[Data for this exercise — start]

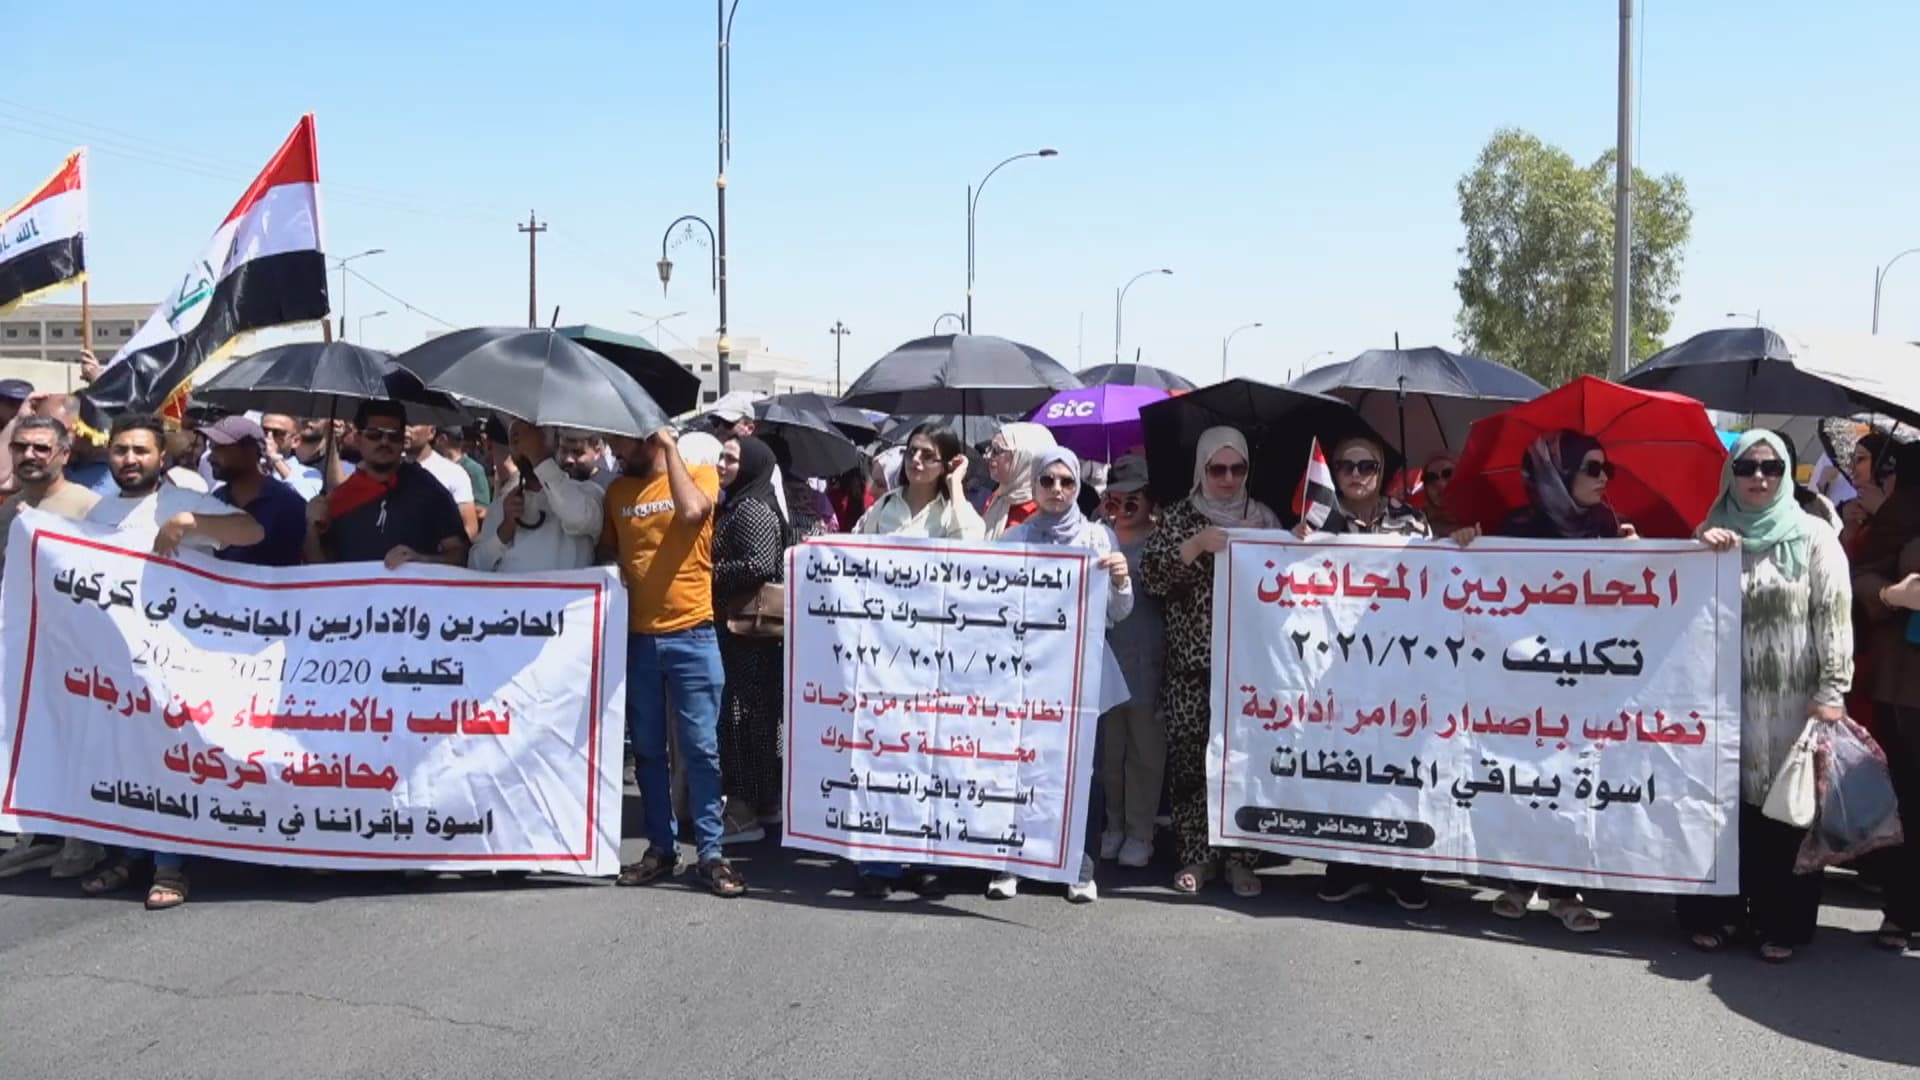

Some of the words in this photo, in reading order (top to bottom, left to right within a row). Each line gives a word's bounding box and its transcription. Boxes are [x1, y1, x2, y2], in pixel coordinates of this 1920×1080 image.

[1047, 399, 1096, 419] stc
[806, 555, 878, 583] المجانيين
[884, 560, 971, 590] والاداريين
[977, 565, 1071, 594] المحاضرين
[1257, 559, 1428, 612] المجانيين
[53, 568, 137, 611] كركوك
[144, 587, 177, 628] في
[1442, 566, 1678, 617] المحاضريين
[183, 604, 301, 642] المجانيين
[308, 604, 431, 643] والاداريين
[440, 608, 565, 643] المحاضرين
[808, 595, 885, 625] تكليف
[891, 600, 1009, 632] كركوك
[1013, 607, 1066, 641] في
[381, 655, 464, 692] تكليف
[1502, 635, 1644, 687] تكليف
[64, 665, 151, 717] درجات
[803, 682, 868, 713] درجات
[873, 691, 898, 715] من
[904, 688, 999, 726] بالاستثناء
[163, 693, 215, 729] من
[231, 694, 394, 742] بالاستثناء
[407, 699, 510, 742] نطالب
[1005, 700, 1065, 726] نطالب
[1344, 693, 1428, 737] أوامر
[1435, 701, 1569, 751] بإصدار
[1582, 708, 1706, 750] نطالب
[821, 725, 911, 757] كركوك
[917, 731, 1036, 762] محافظة
[164, 742, 267, 790] كركوك
[280, 751, 399, 793] محافظة
[820, 768, 859, 799] في
[1270, 746, 1438, 790] المحافظات
[1451, 757, 1562, 811] بباقي
[91, 779, 200, 821] المحافظات
[866, 771, 962, 808] باقراننا
[966, 780, 1034, 808] اسوة
[209, 797, 266, 833] بقية
[277, 804, 305, 841] في
[314, 807, 414, 841] بإقراننا
[425, 808, 494, 841] اسوة
[825, 807, 950, 841] المحافظات
[1257, 811, 1306, 833] مجاني
[1314, 818, 1367, 836] محاضر
[1373, 818, 1409, 843] ثورة
[958, 818, 1025, 857] بقية
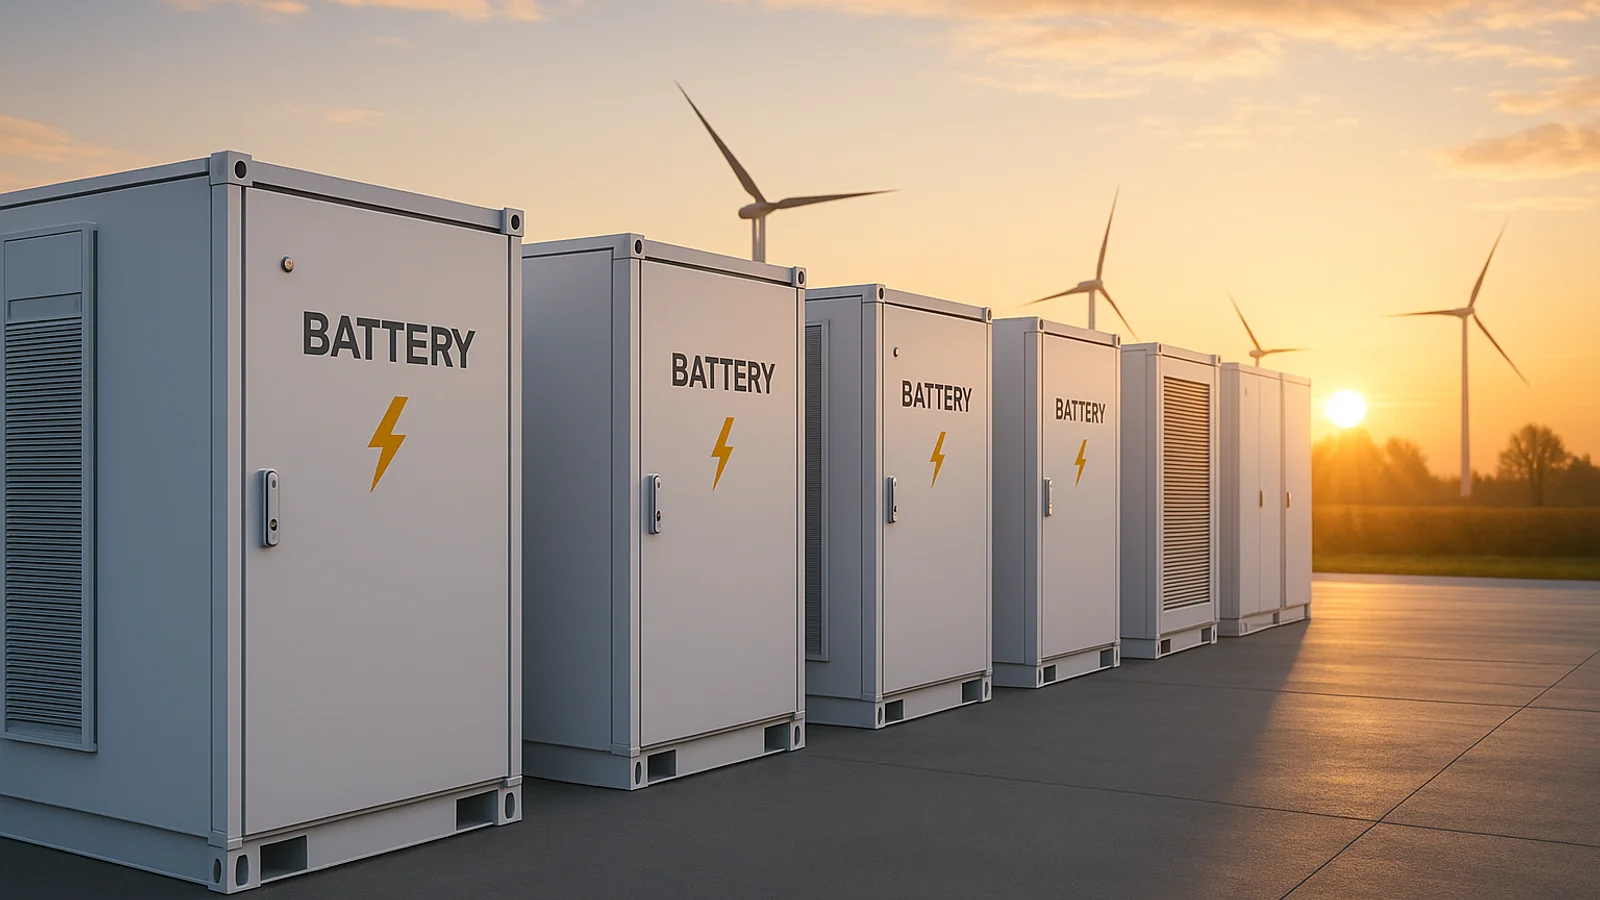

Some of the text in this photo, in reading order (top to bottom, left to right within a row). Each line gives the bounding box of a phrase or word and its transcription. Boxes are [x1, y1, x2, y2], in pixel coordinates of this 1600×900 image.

[303, 311, 476, 369] BATTERY
[672, 352, 776, 394] BATTERY
[901, 380, 972, 413] BATTERY
[1055, 397, 1106, 424] BATTERY

[Data for this exercise — finish]

**Work item:** Return, unchanged, each line from the line containing "Some of the text" through the last line of the material.

**Answer space:**
Some of the text in this photo, in reading order (top to bottom, left to right within a row). Each line gives the bounding box of a phrase or word and its transcription. Boxes are [x1, y1, x2, y2], in pixel coordinates of this 1600×900 image.

[303, 311, 476, 369] BATTERY
[672, 352, 776, 394] BATTERY
[901, 380, 972, 413] BATTERY
[1055, 397, 1106, 424] BATTERY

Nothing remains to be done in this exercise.